I would say that the constant attempt to create false profundity (as you call it), itself, is more of a tell than any of the rhetorical constructs used to do it.

bitwize 10 hours ago | parent | prev | next [-]

If you sound like a car ad from Road & Track, I'm going to flag you as bot.

"No rough handling. No struggles to accelerate. Just pure performance. The new Toyota GT. It's not just a car—it's a revolution."

Most of the tropes listed on this page give text a more "car ad" (or sometimes "movie trailer") quality. I wonder if magazine scans and press releases unduly weighted the training set.

Retr0id 9 hours ago | parent [-]

I think it's more likely that car ads and chatbots are both optimizing for the same thing i.e. grabbing the audience's attention.

nh23423fefe 10 hours ago | parent | prev [-]

Weird to care about a harmless construction along with punctuation.

andrew_lettuce 6 hours ago | parent | next [-]

Construction paired with punctuation is literally the entire point of written communication.

vntok 2 hours ago | parent [-]

No it's just the medium. The point is to communicate.

You can test this quite easily, by checking and hopefully realizing that you in fact can understand written documents with syntax errors, emails with typos and road signs with improper casing or sentence construction.

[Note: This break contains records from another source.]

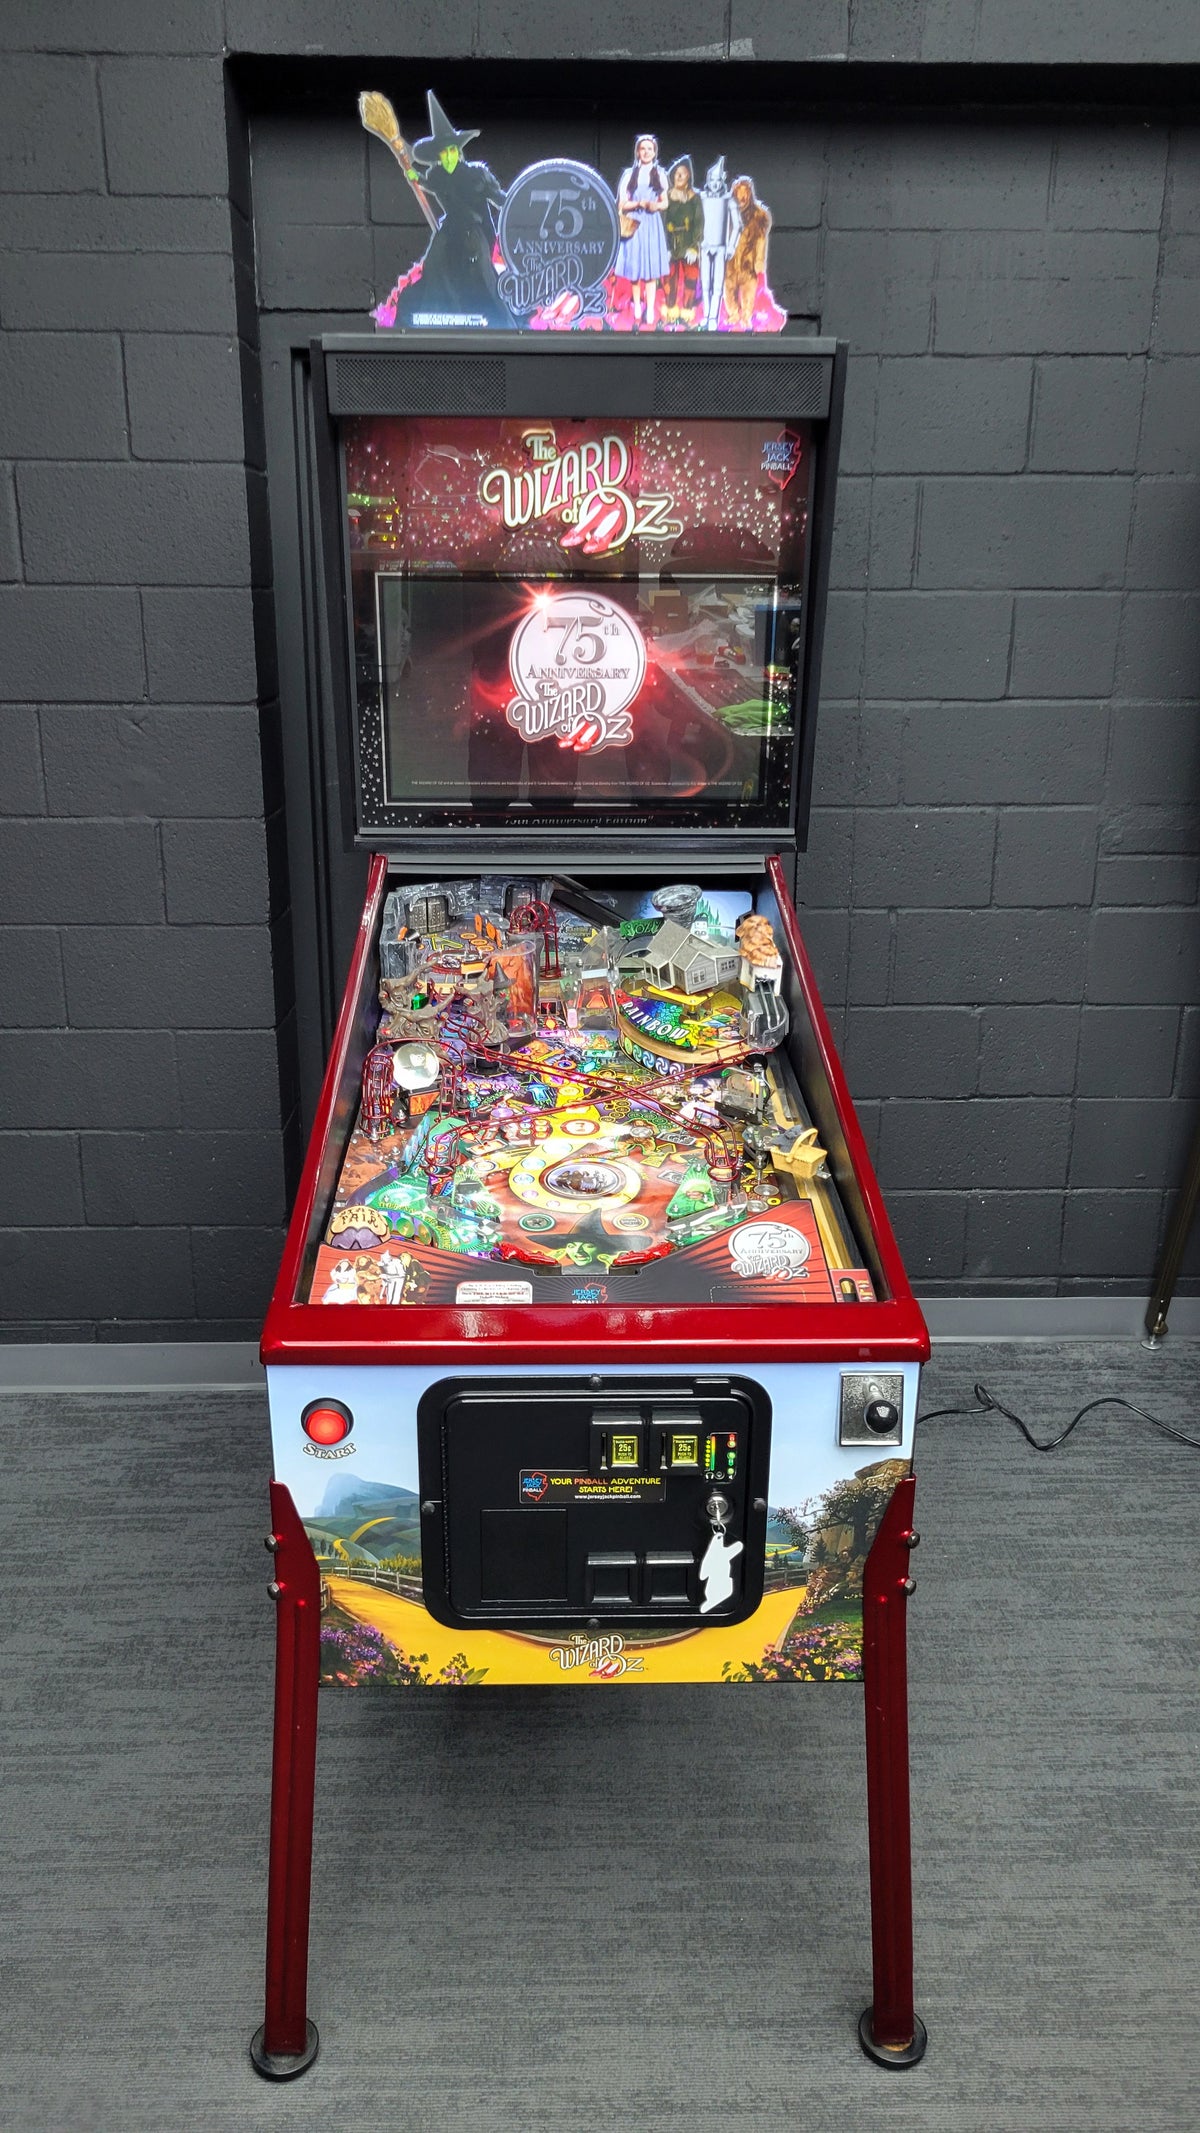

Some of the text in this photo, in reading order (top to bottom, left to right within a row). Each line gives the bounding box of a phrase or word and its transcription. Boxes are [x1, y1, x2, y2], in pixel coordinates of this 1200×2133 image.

[529, 189, 596, 239] 75th
[513, 238, 605, 254] ANNIVERSARY
[504, 257, 580, 308] WIZARD
[526, 435, 557, 460] The
[762, 441, 794, 453] JERSEY
[764, 453, 789, 464] JACK
[483, 436, 628, 528] WIZARD
[562, 497, 582, 523] of
[543, 616, 620, 665] 75th
[525, 664, 631, 679] ANNIVERSARY
[539, 683, 558, 697] The
[512, 683, 601, 735] WIZARD
[561, 717, 575, 733] of
[622, 1001, 690, 1040] RAINBOW
[341, 1213, 379, 1228] FAIR
[748, 1231, 794, 1249] 75th
[731, 1255, 789, 1278] WIZARD
[303, 1443, 357, 1459] START
[571, 1635, 587, 1645] The
[549, 1635, 623, 1670] WIZARD
[589, 1658, 601, 1668] of
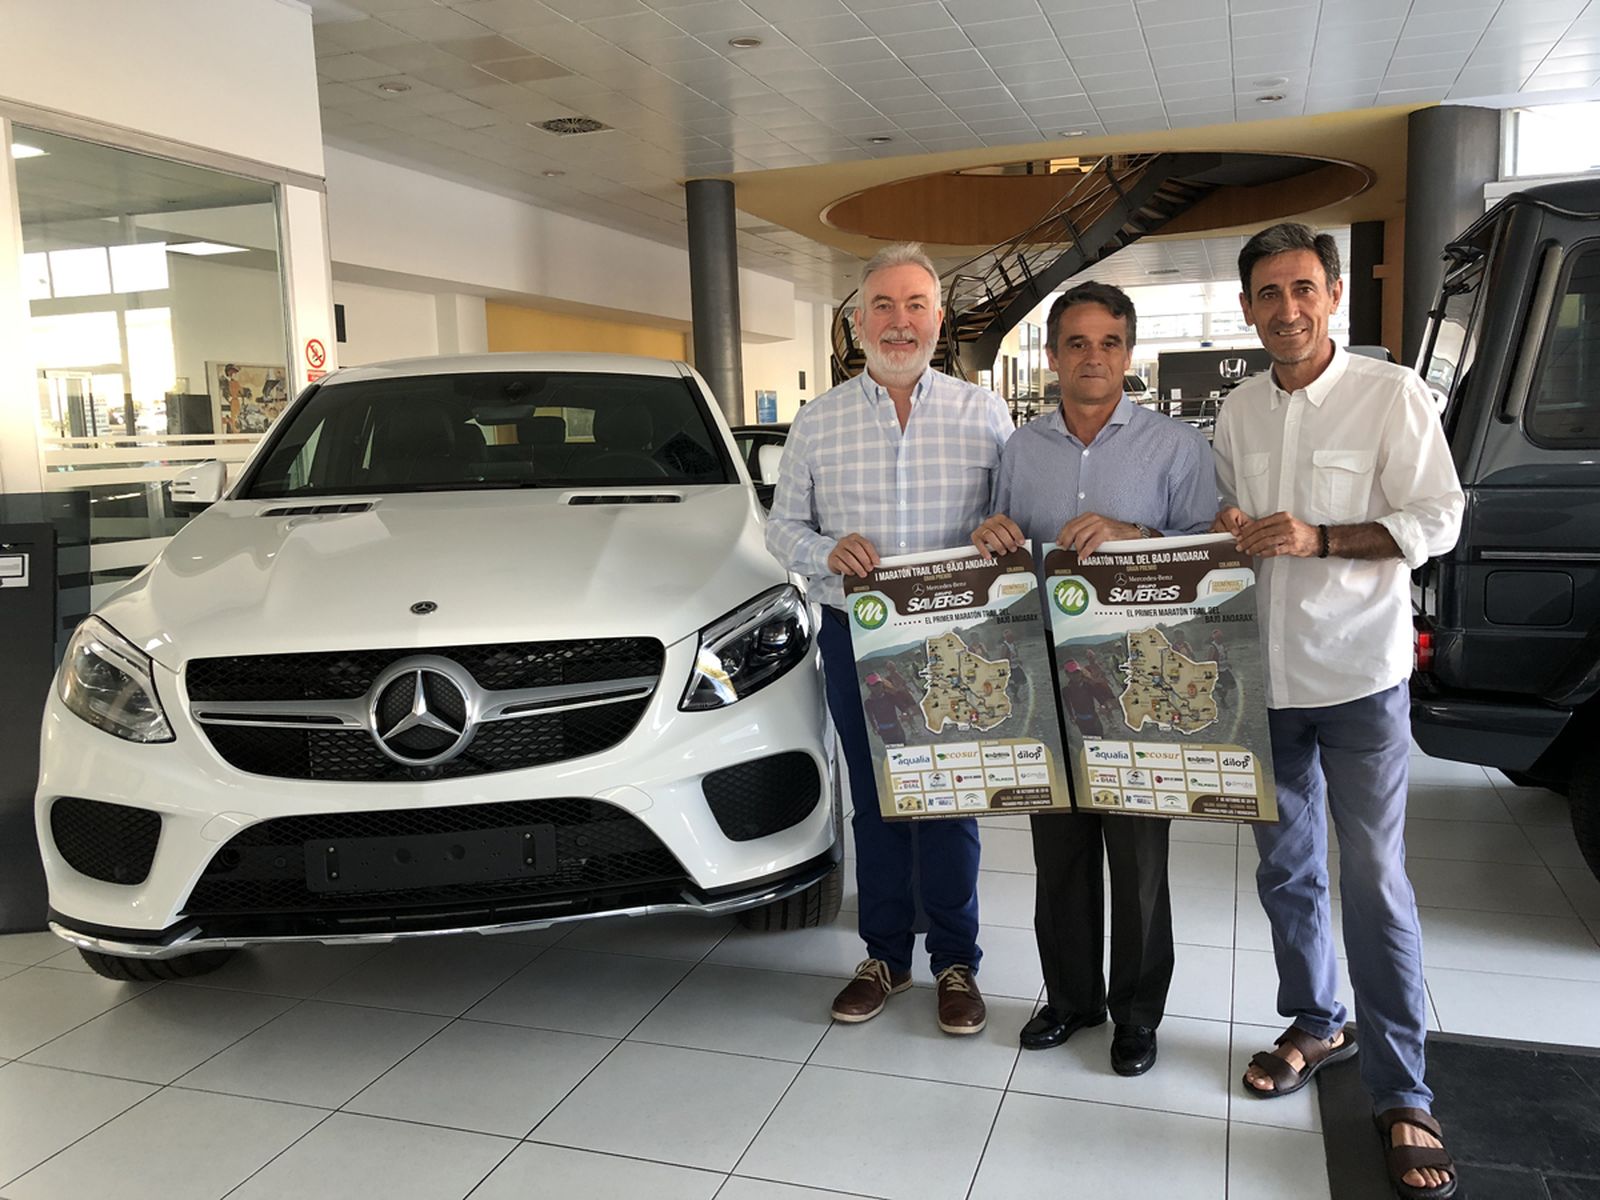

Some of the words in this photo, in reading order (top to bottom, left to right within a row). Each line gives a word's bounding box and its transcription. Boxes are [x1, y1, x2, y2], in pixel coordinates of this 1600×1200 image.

[1082, 553, 1114, 565] MARATÓN
[1115, 553, 1134, 565] TRAIL
[1136, 552, 1150, 564] DEL
[1152, 552, 1170, 563] BAJO
[1172, 550, 1209, 560] ANDARAX
[878, 568, 911, 580] MARATÓN
[911, 565, 933, 576] TRAIL
[932, 563, 945, 574] DEL
[946, 561, 964, 572] BAJO
[964, 557, 998, 569] ANDARAX
[1128, 574, 1172, 582] Mercedes-Benz
[1109, 585, 1180, 602] SAVERES
[906, 590, 974, 612] SAVERES
[924, 616, 931, 624] EL
[932, 614, 953, 623] PRIMER
[954, 610, 981, 621] MARATÓN
[981, 609, 998, 618] TRAIL
[998, 608, 1010, 617] DEL
[1134, 608, 1157, 616] PRIMER
[1158, 606, 1188, 615] MARATÓN
[1189, 606, 1206, 615] TRAIL
[1206, 606, 1220, 614] DEL
[996, 615, 1011, 624] BAJO
[1205, 615, 1221, 623] BAJO
[1222, 613, 1253, 622] ANDARAX
[898, 753, 930, 766] aqualia
[943, 749, 977, 760] ecosur
[1016, 749, 1041, 760] dilop
[1095, 748, 1128, 760] aqualia
[1144, 750, 1180, 760] ecosur
[1222, 757, 1248, 768] dilop
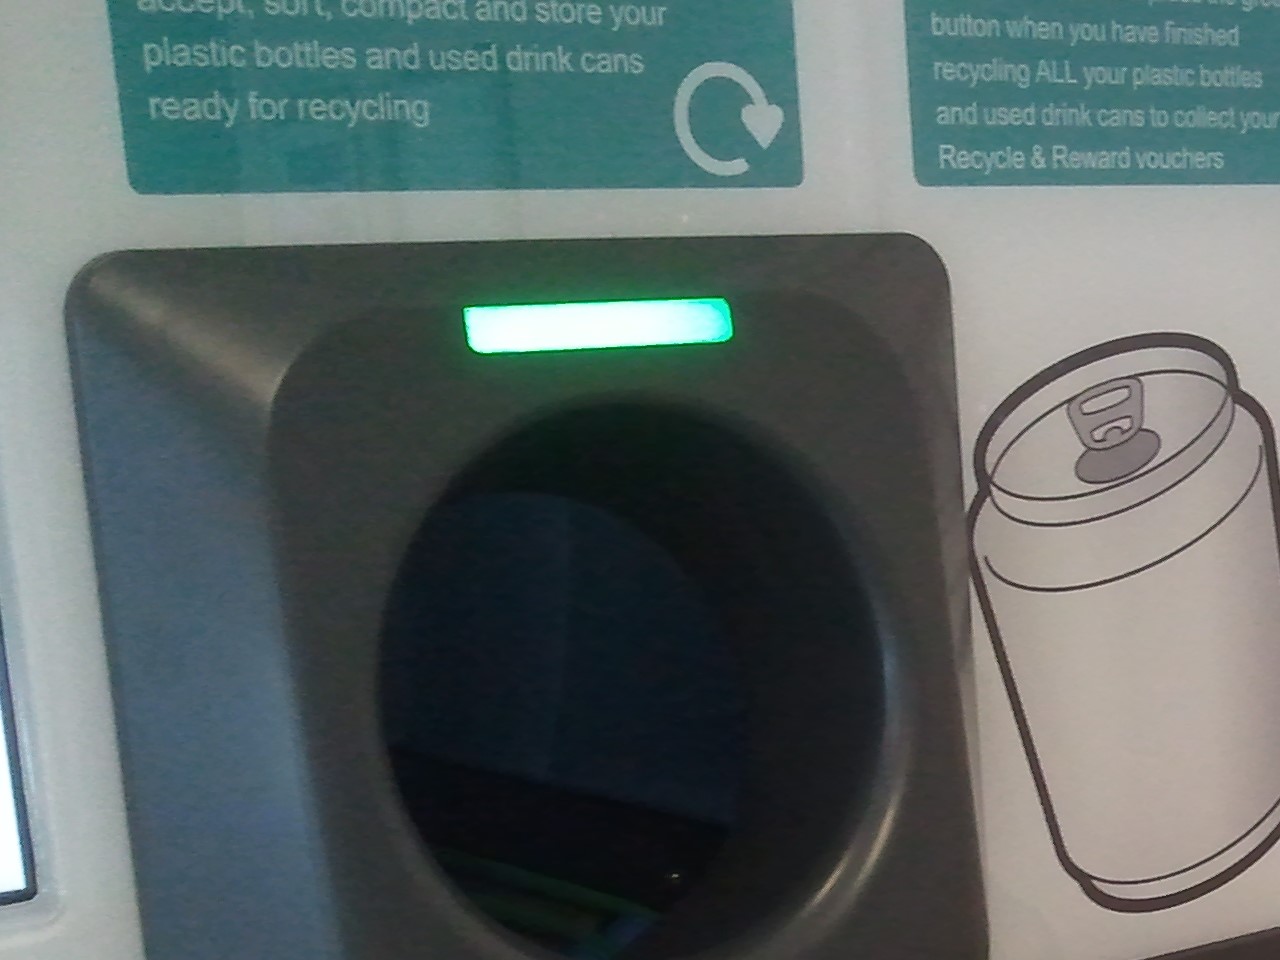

ashivkum 10 hours ago | parent | prev | next [-]

weirder still to immerse your brain in sewage and take pride in your lack of discernment.

mapmeld 10 hours ago | parent | prev [-]

If you participate in certain online communities where posts used to generally share real ideas and ask real beginner questions, you get tired of it. I am especially tired of seeing "it's not X - it's Y" on /r/MachineLearning posts, claiming that they've found some "geometry" or basic PyTorch code which they think will solve AI hallucinations. And it's becoming clear these people are not just doing this sort of a thing on a whim, but spending days in delusional conversations with the AI.

jimmis 3 hours ago | parent [-]

Isn't that just the state of every ai-related subreddit at this point?